案の定、この後は、ストライドの怒りにふれて、翌朝マスターズはおいてけぼりにされてしまう。


憤慨した彼は、この後、ストライドの敵になるべくして、残りの一味たちの元へと、はしるんだけどね。

まぁ、主役を引き立てる悪役だし、こんな展開もしょうがないか。



でも、こんな悪役でも、画面に映れば、男の色気ムンムンで、やがてのスター性を見せつけまくるリー・マーヴィンなのである。






一方、主役ストライドを演じているランドルフ・スコットはというと…………




とてつもなく棒演技!


ビックリした!あまりの演技のヘタクソさに!



ランドルフ・スコットの映画自体は初めて観たが、色々な噂と名前だけは知っていた。それにしても………。





西部劇専門のスターで、あの有名なケーリー・グラントと仲の良かったランドルフ・スコット。


二人は12年間、一緒に住んで共同生活をしていたほどである。


「二人はゲイじゃないのか?」なんてオフレコが、当然ついてまわったほど、終始ベタベタで、一緒のスナップ写真が、今も数多く残っております。



そんな二人の仲を「本当にゲイなんじゃねぇの?」なんて、直接からかった俳優のチョビー・チェイスは、ケーリー・グラントの怒りにふれて提訴までされたらしいけど。(また、余計な一言を……)


でもケーリー・グラントも5回結婚していて、娘まで授かっているし、ランドルフ・スコットも生涯2度結婚しているし、ほんとのところはどうなんでしょう。


今となっては分かりませんけどね。



そんな噂がたつほど、ケーリー・グラントにしてもランドルフ・スコットにしても若い時は、超ハンサム。

ランドルフ・スコットも整った顔をしている。


でも、演技の方は………ゴニョ、ゴニョ………。



顔の良さだけで、戦前は西部劇のスターとして、もてはやされたかもしれないけど、戦後、歳を重ねていけば、それだけではすまなくなってくる。

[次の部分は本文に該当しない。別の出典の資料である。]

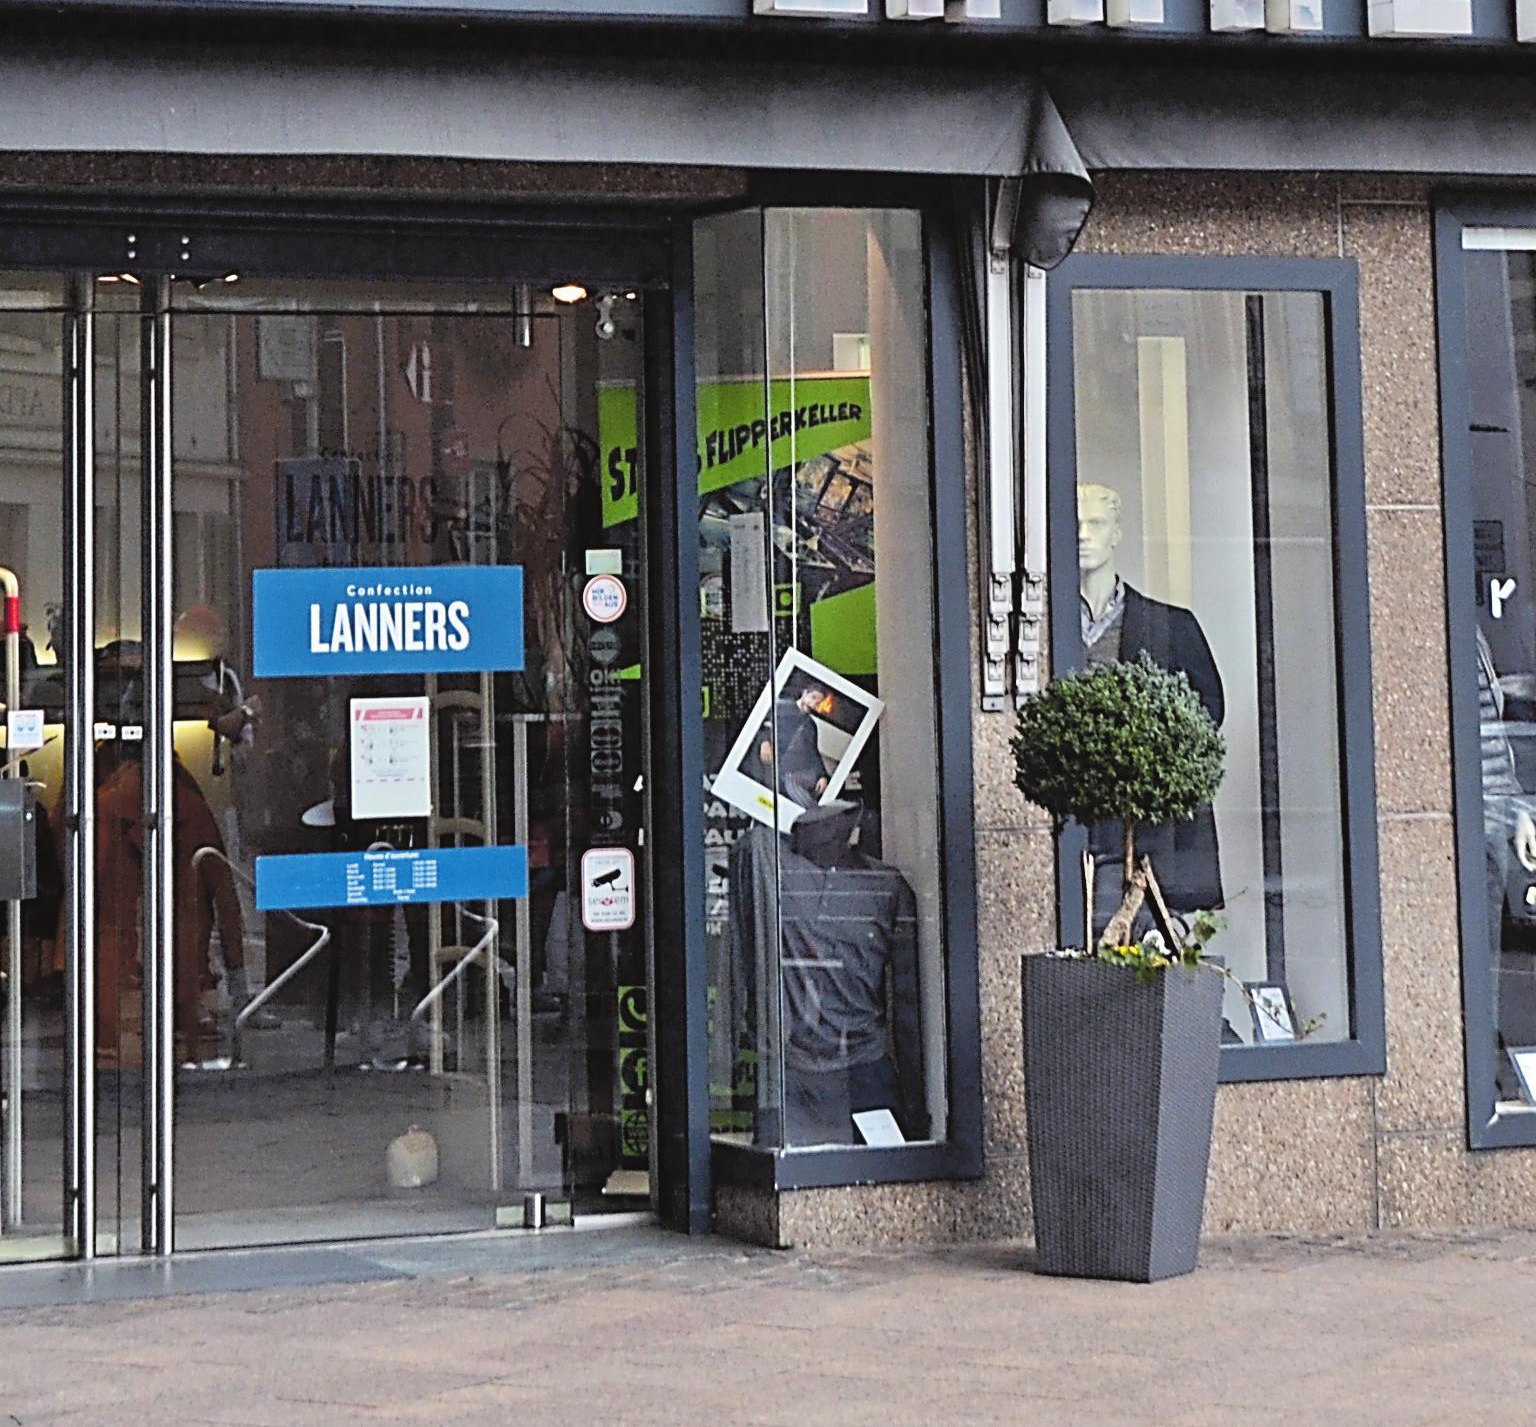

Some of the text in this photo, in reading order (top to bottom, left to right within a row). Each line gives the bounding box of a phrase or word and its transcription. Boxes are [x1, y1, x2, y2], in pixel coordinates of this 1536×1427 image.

[705, 402, 862, 467] FLIPPERKELLER
[346, 582, 433, 598] Confection
[309, 601, 471, 653] LANNERS

動き、表情、声の出し方……自分を観客たちに惹き付けるような演技の工夫。


それらは一朝一夕では身に付くものでもないし、長年の積み重ねや内面から滲み出てくるものじゃないだろうか。




案外、本人も西部劇専門にやっていて、他のジャンルには手を出さなかったところをみると、自分の演技の限界を自覚していたのかもしれない。(こんな風に書くと、あの世からでもケーリー・グラントが現れて激昂するかもしれないけど(笑))



人は良さそうな、見るからに善人そうなランドルフ・スコットなんですけどね。





でも時代が進み、観客たちの目が肥えてくると、そればかりではすまなくなってしまい………。

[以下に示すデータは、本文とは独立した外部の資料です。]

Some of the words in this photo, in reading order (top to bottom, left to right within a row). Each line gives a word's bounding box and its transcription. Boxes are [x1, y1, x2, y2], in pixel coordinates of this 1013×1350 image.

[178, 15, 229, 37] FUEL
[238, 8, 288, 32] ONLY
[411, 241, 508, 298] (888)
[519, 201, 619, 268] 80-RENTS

その後、1962年『昼下がりの決斗』を最後に引退した。(最後の映画も大赤字をだしてしまったらしい)



ランドルフ・スコットとリー・マーヴィン。


この映画で二人を比べてみると、その差は、あまりにも歴然としていて、ランドルフ・スコットが気の毒に思えてしまうほどだ。

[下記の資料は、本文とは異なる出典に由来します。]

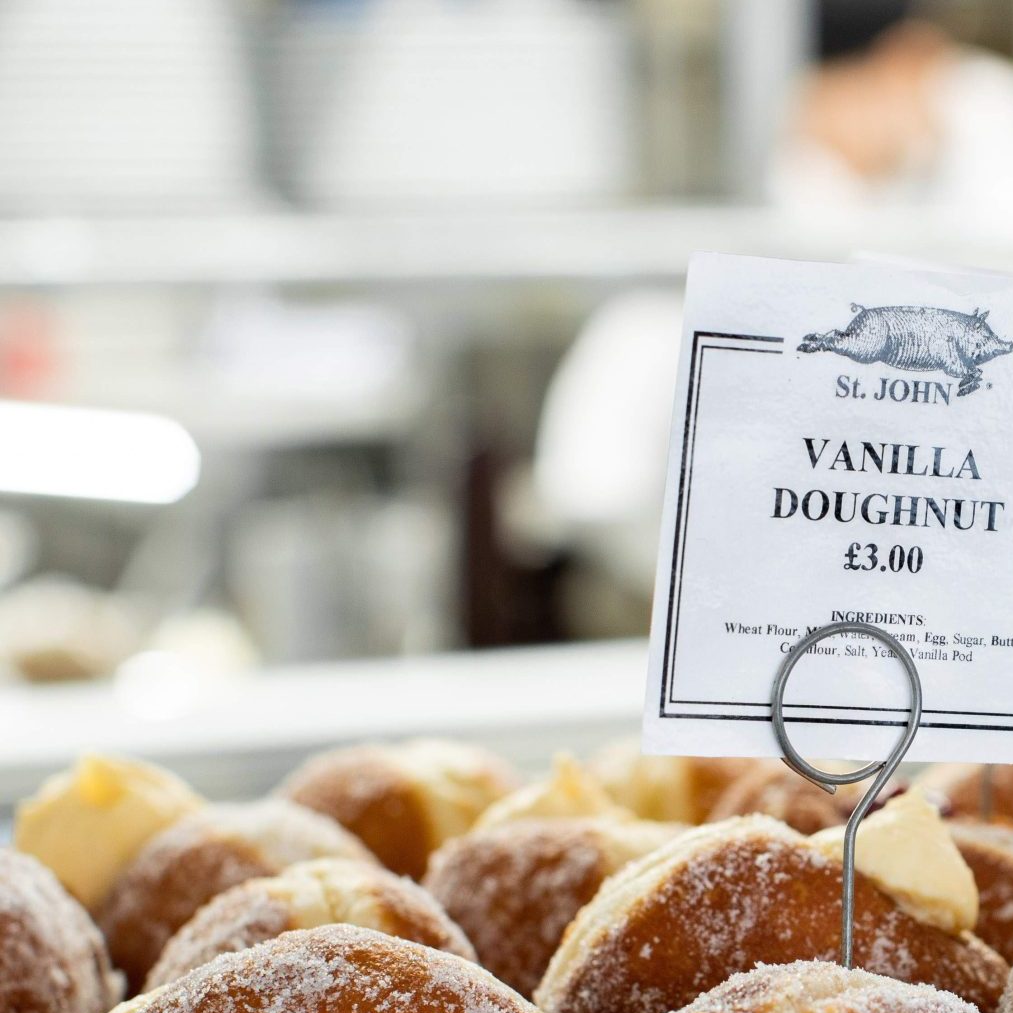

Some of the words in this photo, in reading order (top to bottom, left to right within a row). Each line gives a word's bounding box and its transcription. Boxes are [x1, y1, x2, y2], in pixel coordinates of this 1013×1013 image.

[835, 374, 866, 400] St.
[873, 377, 953, 406] JOHN
[802, 437, 982, 480] VANILLA
[770, 487, 1005, 532] DOUGHNUT
[843, 542, 924, 574] £3.00
[831, 610, 927, 626] INGREDIENTS:
[725, 622, 762, 635] Wheat
[766, 624, 801, 639] Flour,
[886, 630, 920, 644] eam,
[953, 633, 987, 648] Sugar,
[780, 641, 840, 658] Colour,
[844, 645, 868, 658] Salt,
[909, 648, 948, 661] Vanilla
[952, 650, 973, 662] Pod

この映画が完成して、ラッシュを観た時、本人も思ったんじゃなかろうか。


(あぁ、俺の時代も終わった………)なと……。


顔だけ良くてもスターとしては生き残れない。

厳しい世界でございます。

星☆☆☆。

2020年2月23日日曜日

アニメ 「コブラ」

1982年~1983年。





《アーマロイド・レディのフィギュア》



今、久しぶり~に、アニメ「コブラ(放映タイトルは『スペースコブラ』)」を見終わったとこ。


やっぱ面白いわ、これ。



全31話で、ちょっと時間がある時には、サクサクと観れるので手頃である。



監督は、以前も『エースをねらえ!』で紹介した出崎統さん。



水彩画の独特な止め絵などを多様した独自の手法は、いつもの出崎統節なのだが、とにかく、この『コブラ』は動く、動く!



敵の刀やレーザー銃を、とんだり、跳ねたりして、身軽に避けながら走り回り続ける。


片手倒立から、ジャンプ!そして1回転。


くるりと振り向き様に、左手を抜くと、あらわれる『サイコガン』が、間髪入れず火をふくのだ!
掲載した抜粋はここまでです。